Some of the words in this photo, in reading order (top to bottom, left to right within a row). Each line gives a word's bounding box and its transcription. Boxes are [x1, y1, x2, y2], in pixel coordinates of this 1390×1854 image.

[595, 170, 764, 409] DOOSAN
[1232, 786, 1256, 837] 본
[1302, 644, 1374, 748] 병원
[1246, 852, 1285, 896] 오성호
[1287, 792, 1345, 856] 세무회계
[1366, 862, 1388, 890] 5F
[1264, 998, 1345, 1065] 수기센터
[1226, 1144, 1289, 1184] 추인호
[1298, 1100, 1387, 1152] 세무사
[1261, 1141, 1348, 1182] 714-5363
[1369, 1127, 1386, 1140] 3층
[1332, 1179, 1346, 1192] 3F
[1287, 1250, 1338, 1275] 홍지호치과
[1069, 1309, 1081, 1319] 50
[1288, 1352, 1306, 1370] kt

┄┄┄┄┄┄

Please transcribe all of the records, keeping every line exactly as it is.

→ Task solution:
Some of the words in this photo, in reading order (top to bottom, left to right within a row). Each line gives a word's bounding box and its transcription. Boxes are [x1, y1, x2, y2], in pixel coordinates of this 1390×1854 image.

[595, 170, 764, 409] DOOSAN
[1232, 786, 1256, 837] 본
[1302, 644, 1374, 748] 병원
[1246, 852, 1285, 896] 오성호
[1287, 792, 1345, 856] 세무회계
[1366, 862, 1388, 890] 5F
[1264, 998, 1345, 1065] 수기센터
[1226, 1144, 1289, 1184] 추인호
[1298, 1100, 1387, 1152] 세무사
[1261, 1141, 1348, 1182] 714-5363
[1369, 1127, 1386, 1140] 3층
[1332, 1179, 1346, 1192] 3F
[1287, 1250, 1338, 1275] 홍지호치과
[1069, 1309, 1081, 1319] 50
[1288, 1352, 1306, 1370] kt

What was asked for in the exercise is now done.